===== Dataset entries =====

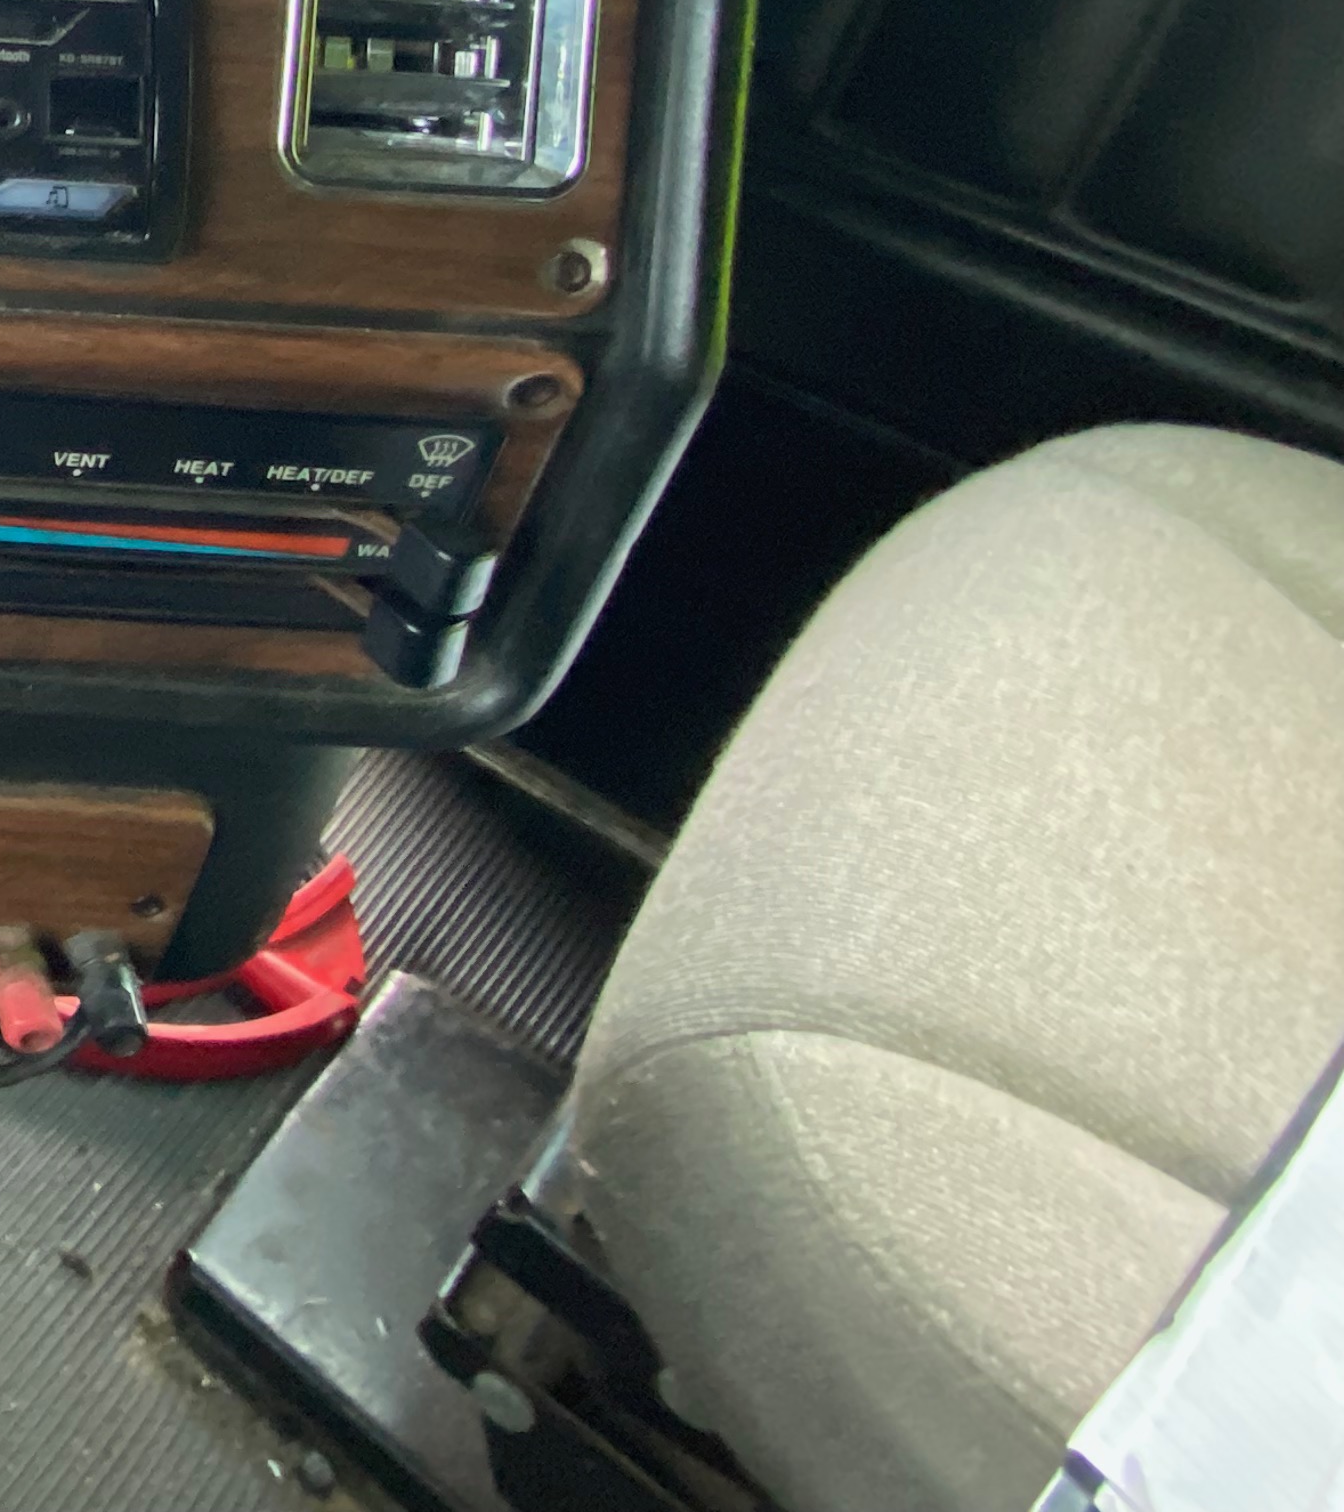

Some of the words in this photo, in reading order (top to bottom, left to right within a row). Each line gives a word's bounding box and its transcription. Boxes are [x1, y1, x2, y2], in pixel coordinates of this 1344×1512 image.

[54, 452, 111, 469] VENT
[174, 460, 235, 476] HEAT
[267, 465, 375, 484] HEAT/DEF
[408, 474, 455, 489] DEF
[358, 544, 391, 558] WA

=====

> [Task item] Output each entry exactly. Skip the pictures.

> [Answer section]
Some of the words in this photo, in reading order (top to bottom, left to right within a row). Each line gives a word's bounding box and its transcription. Boxes are [x1, y1, x2, y2], in pixel coordinates of this 1344×1512 image.

[54, 452, 111, 469] VENT
[174, 460, 235, 476] HEAT
[267, 465, 375, 484] HEAT/DEF
[408, 474, 455, 489] DEF
[358, 544, 391, 558] WA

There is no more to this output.